Task: For this exercise, retype every record below exactly and keep the pictures out.

Study material:
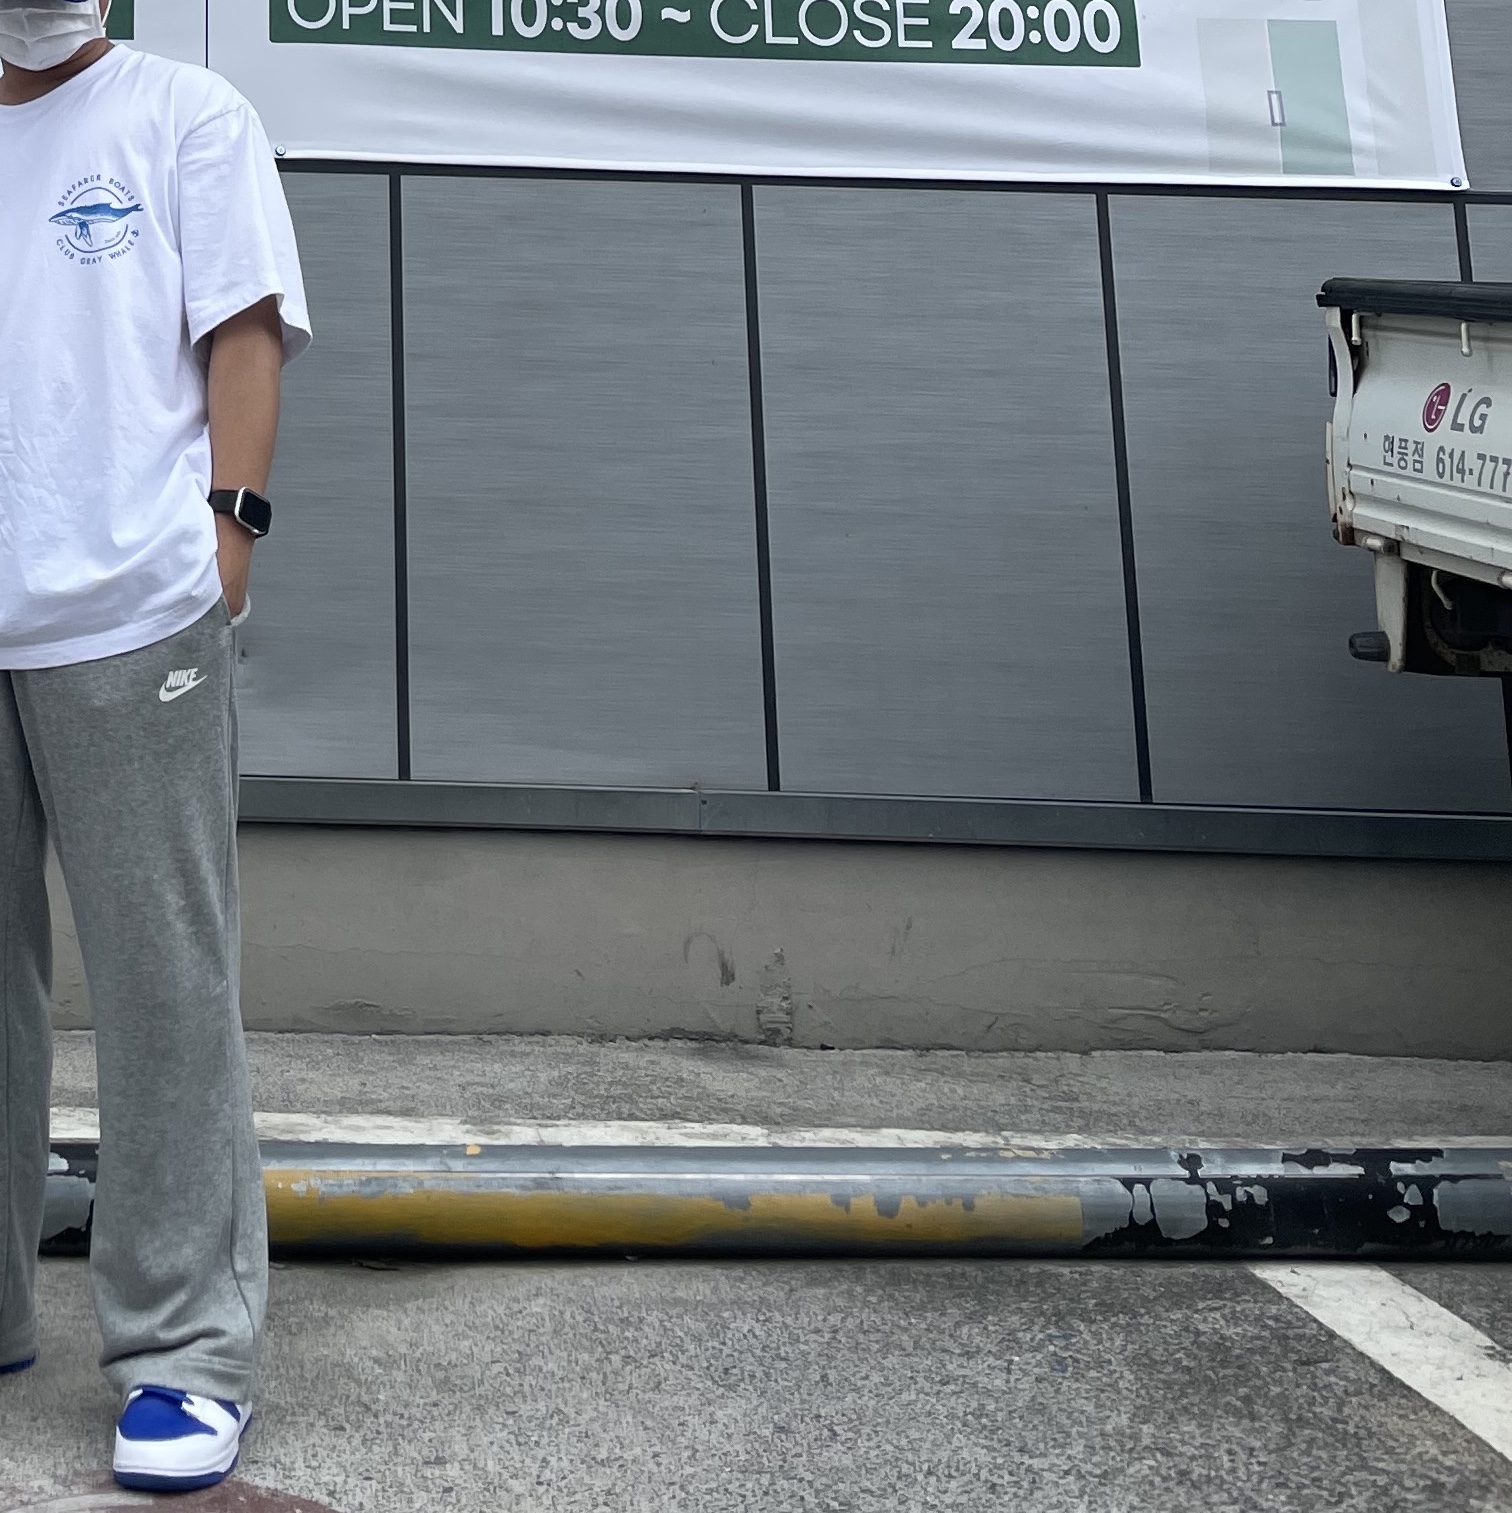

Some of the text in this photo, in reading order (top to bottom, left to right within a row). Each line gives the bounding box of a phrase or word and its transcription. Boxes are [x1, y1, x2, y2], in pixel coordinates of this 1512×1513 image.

[1450, 391, 1492, 434] LG
[1382, 433, 1425, 474] 현풍점
[166, 668, 199, 689] NIKE
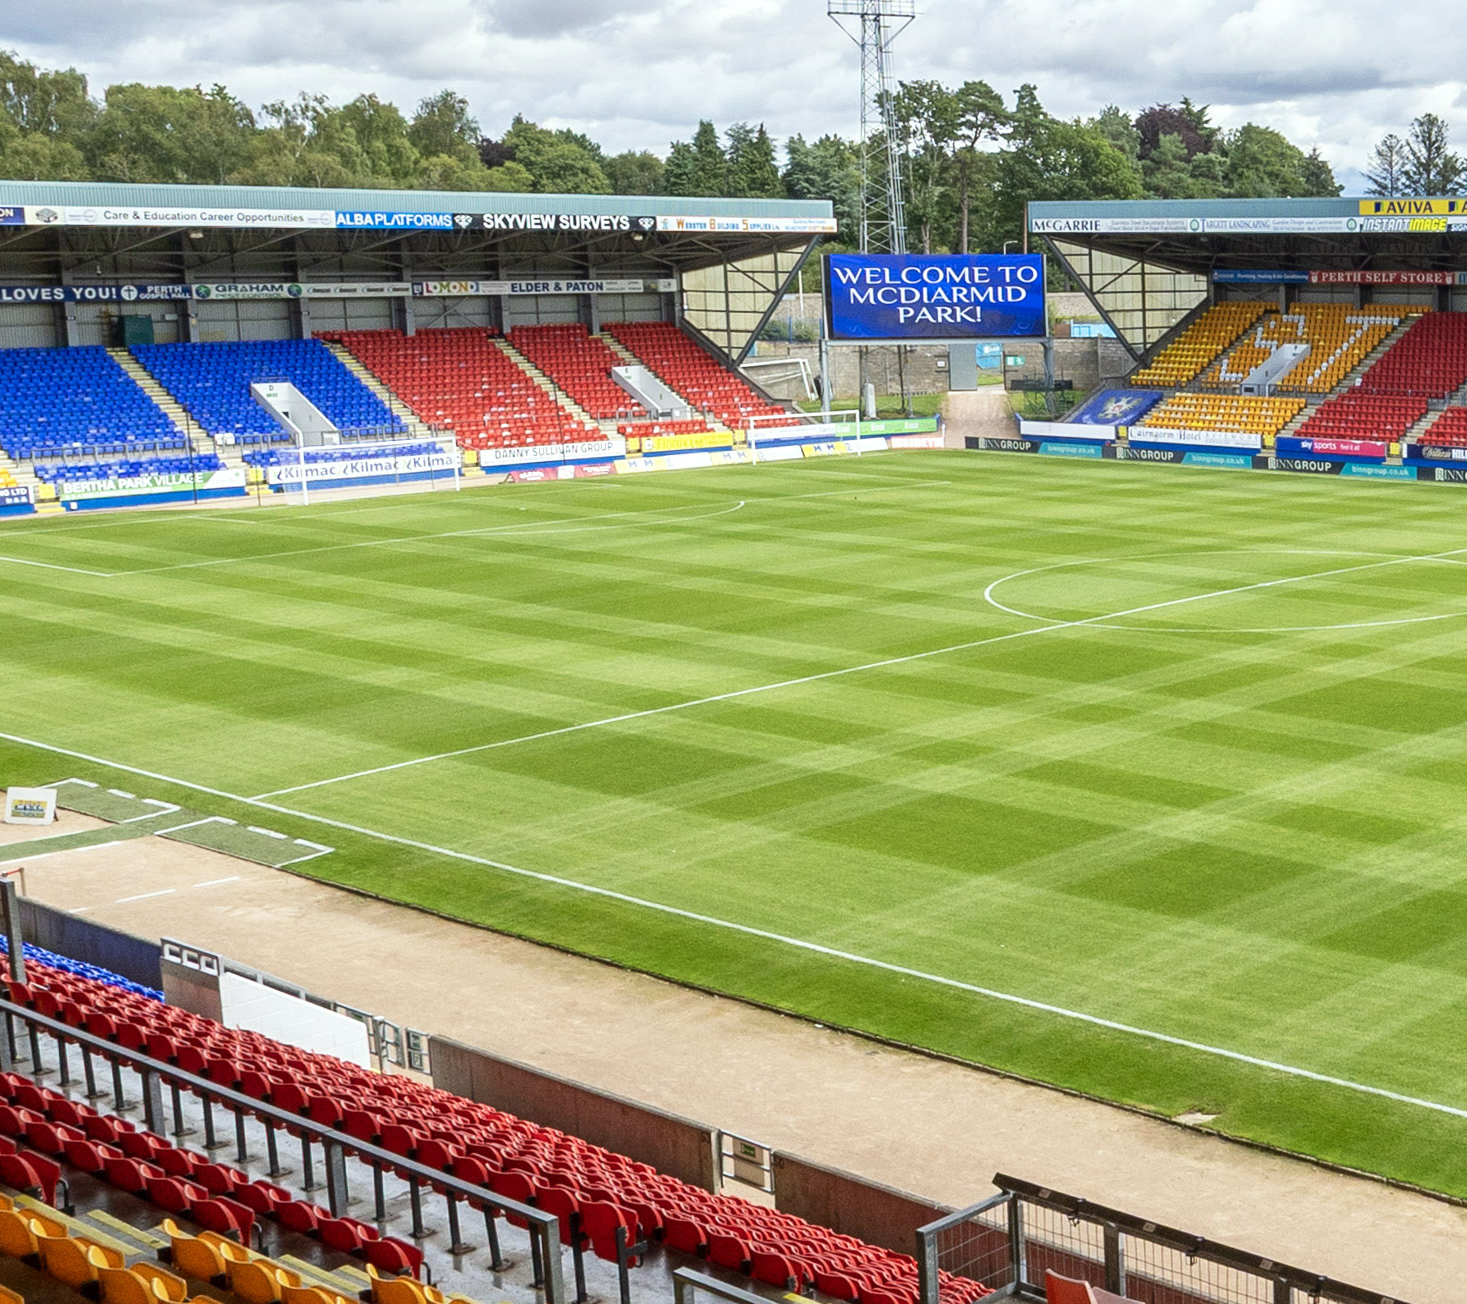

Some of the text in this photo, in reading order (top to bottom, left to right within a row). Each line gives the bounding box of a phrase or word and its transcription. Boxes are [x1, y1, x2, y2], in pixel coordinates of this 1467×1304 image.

Result:
Some of the text in this photo, in reading order (top to bottom, left to right within a row). Each line gives the bounding box of a phrase or word and its transcription. Boxes are [x1, y1, x2, y2], in pixel coordinates of this 1512×1513 image.

[1450, 391, 1492, 434] LG
[1382, 433, 1425, 474] 현풍점
[166, 668, 199, 689] NIKE

Some of the text in this photo, in reading order (top to bottom, left to right within a row). Each line gives the bounding box of a phrase or word and its transcription. Boxes are [x1, y1, x2, y2], in pixel coordinates of this 1467×1304 image.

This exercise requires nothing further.